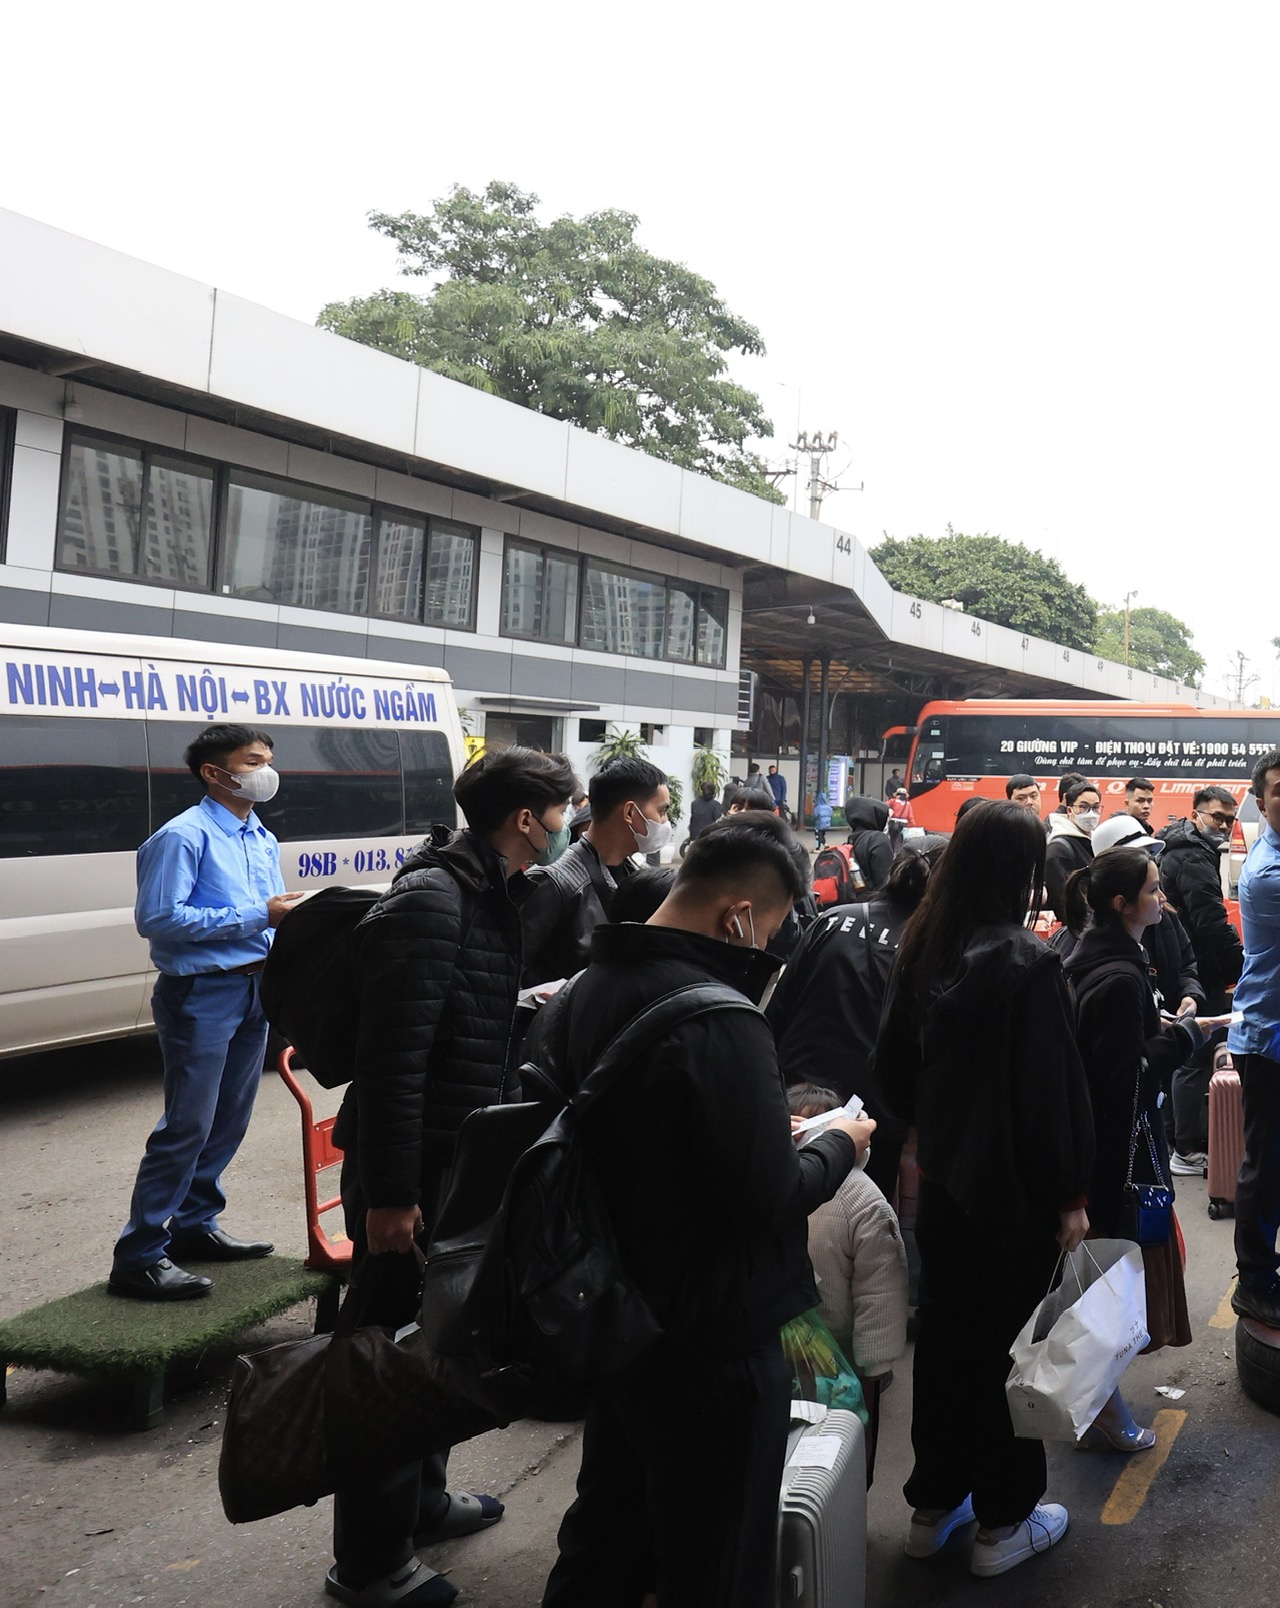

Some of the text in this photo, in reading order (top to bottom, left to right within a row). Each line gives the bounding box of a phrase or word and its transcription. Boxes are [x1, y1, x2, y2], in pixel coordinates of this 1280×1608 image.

[836, 535, 851, 555] 44
[910, 601, 922, 619] 45
[971, 621, 981, 636] 46
[6, 662, 438, 722] NINH HÀ NỘI BX NƯỚC NGẦM
[1000, 740, 1014, 752] 20
[1016, 737, 1057, 753] GIƯỜNG
[1060, 741, 1078, 753] VIP
[1231, 743, 1246, 755] 54
[298, 852, 337, 878] 98B
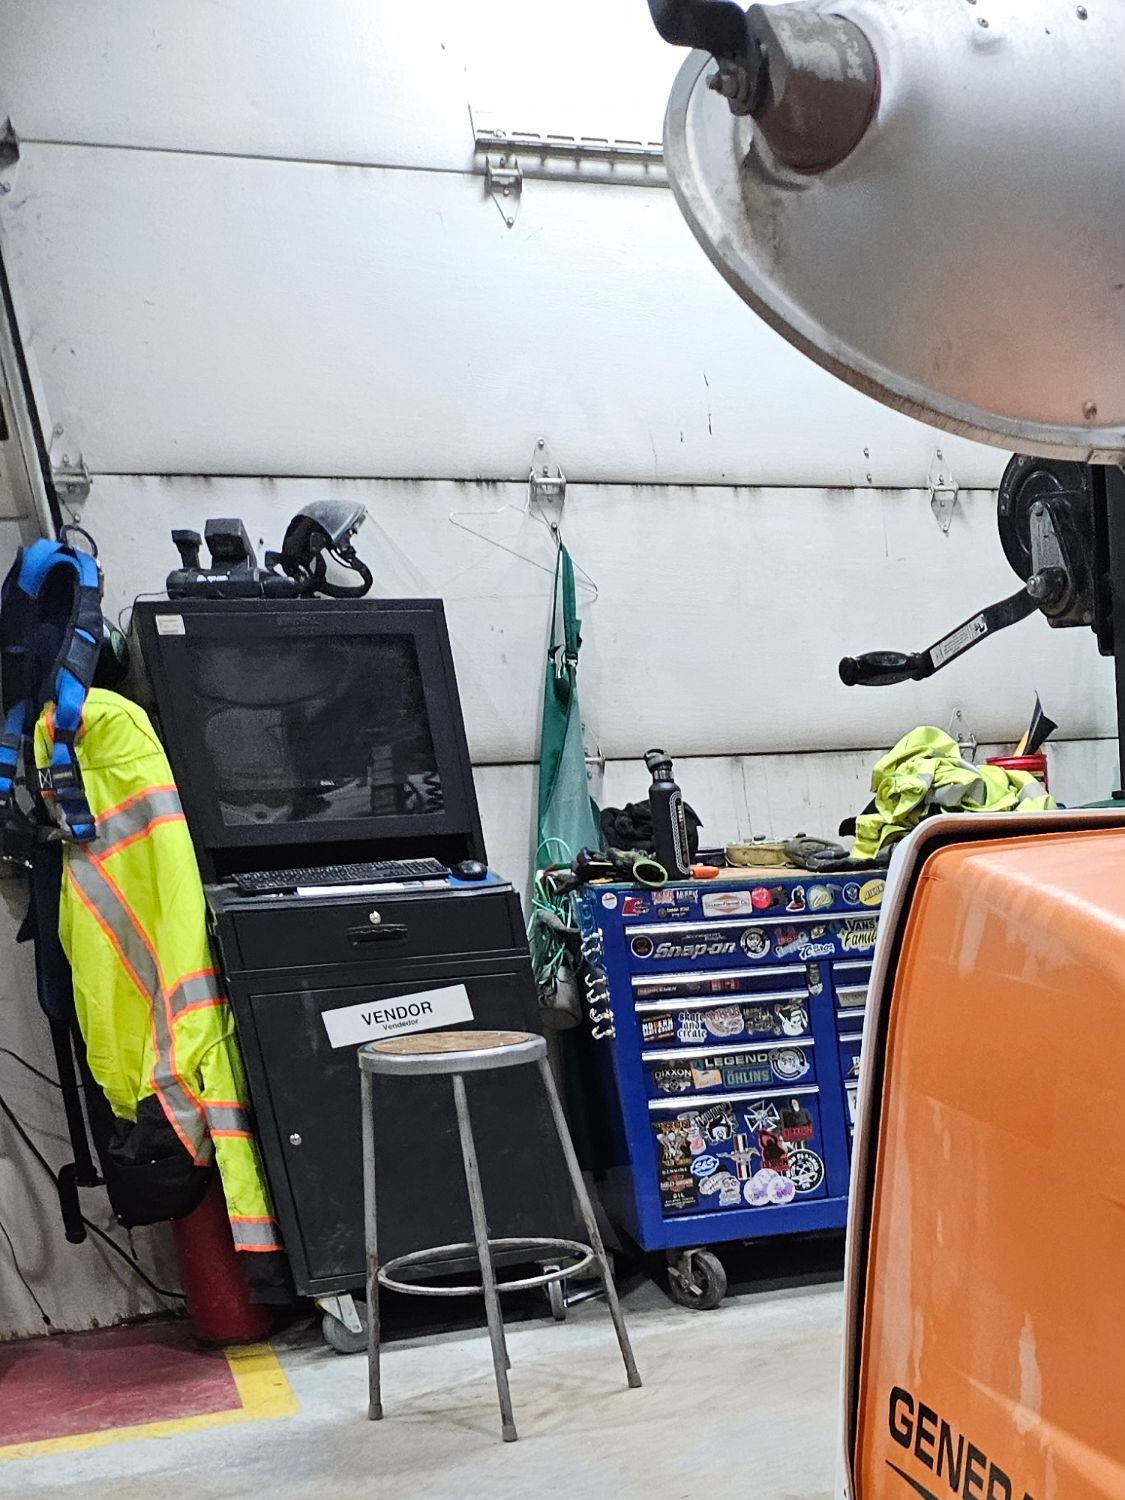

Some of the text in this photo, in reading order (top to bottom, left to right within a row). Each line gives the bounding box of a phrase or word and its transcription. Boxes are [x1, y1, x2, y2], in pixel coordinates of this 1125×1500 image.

[847, 920, 876, 932] VANS
[653, 941, 738, 960] Snap-on
[361, 1001, 433, 1026] VENDOR
[382, 1019, 419, 1031] Vendedor
[704, 1053, 768, 1069] LEGEND
[654, 1068, 692, 1079] DIXXON
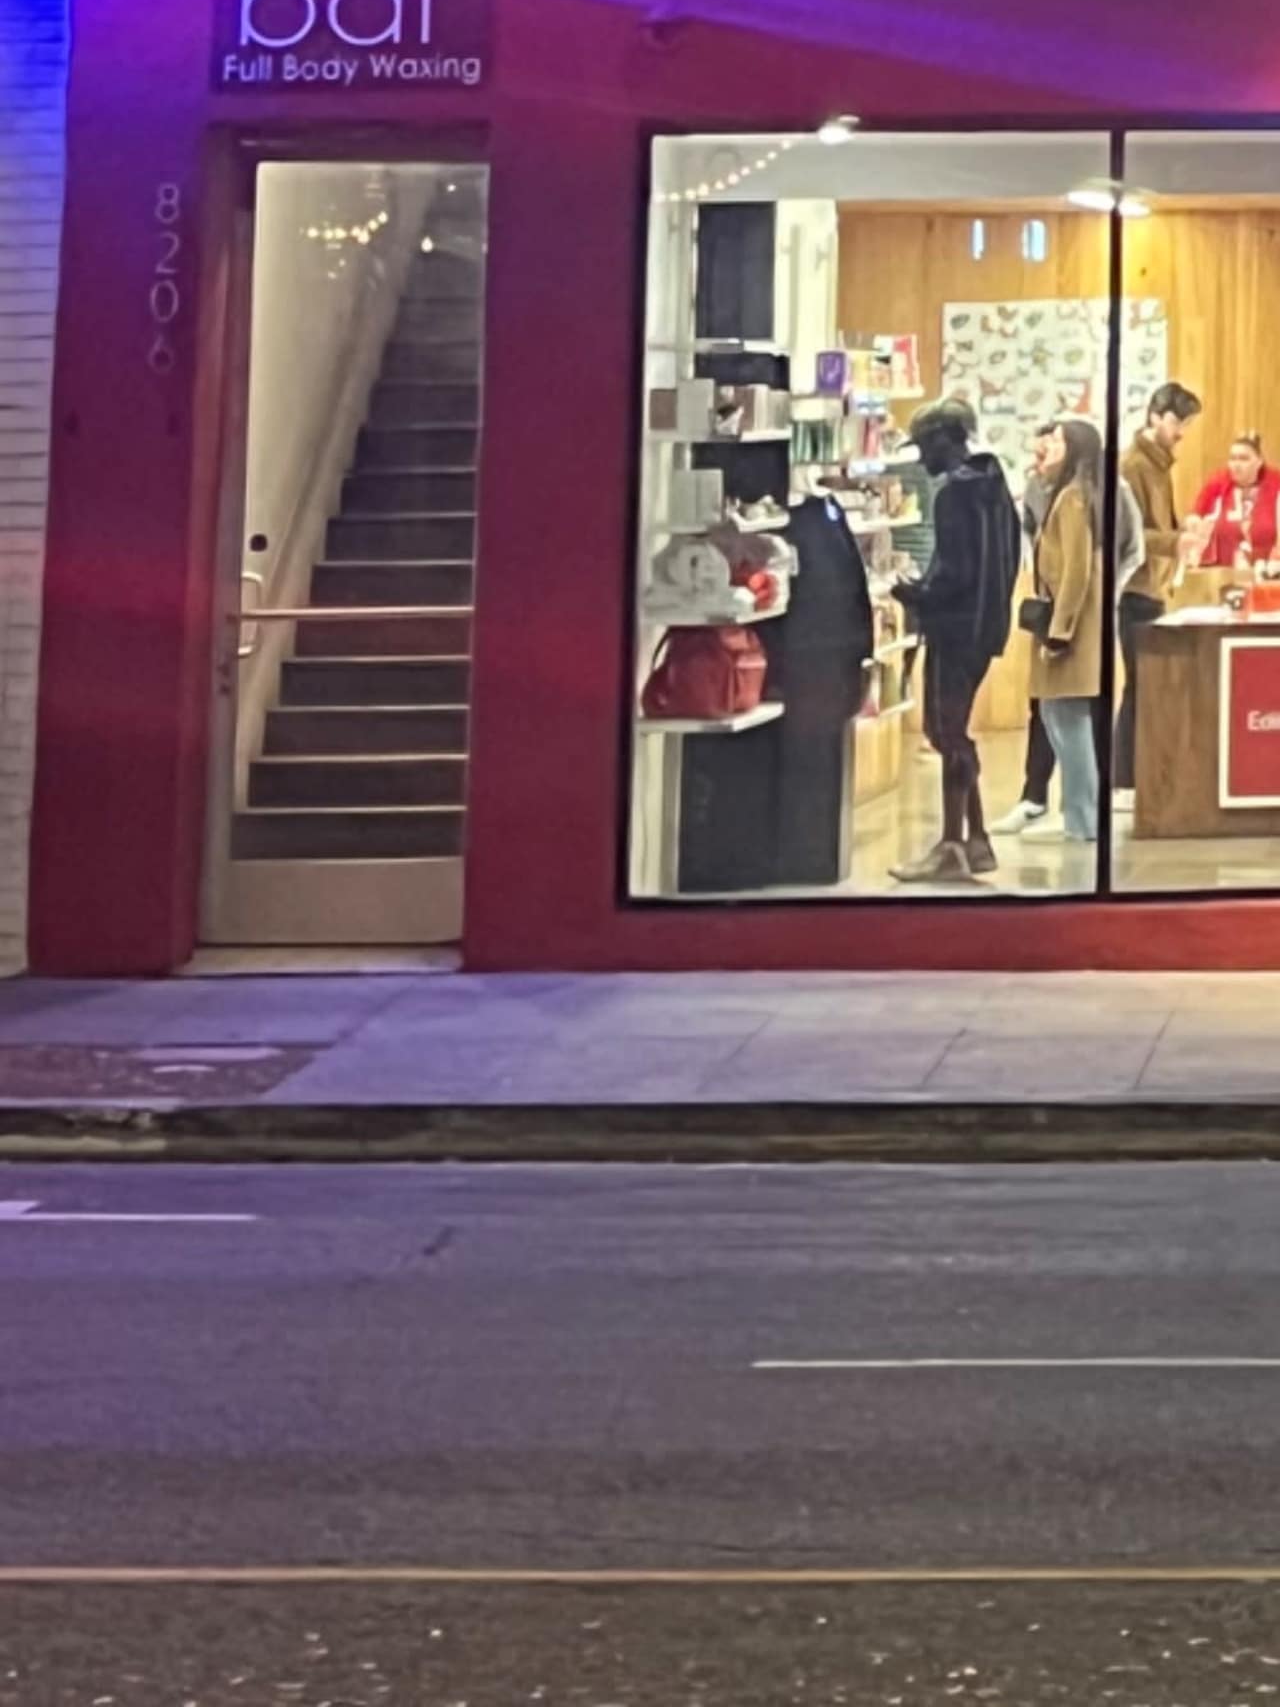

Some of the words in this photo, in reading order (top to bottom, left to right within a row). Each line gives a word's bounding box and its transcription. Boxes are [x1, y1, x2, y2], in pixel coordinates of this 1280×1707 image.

[223, 54, 273, 82] Full
[282, 53, 358, 85] Body
[369, 53, 481, 85] Waxing
[148, 182, 181, 375] 8206
══════════
# EXERCISE OBJECTIVE
Output exactly, and only, the lines running from the one that contains "Some of the words" through the last line of the entries above.

# PROBLEM SOLUTION
Some of the words in this photo, in reading order (top to bottom, left to right within a row). Each line gives a word's bounding box and its transcription. Boxes are [x1, y1, x2, y2], in pixel coordinates of this 1280×1707 image.

[223, 54, 273, 82] Full
[282, 53, 358, 85] Body
[369, 53, 481, 85] Waxing
[148, 182, 181, 375] 8206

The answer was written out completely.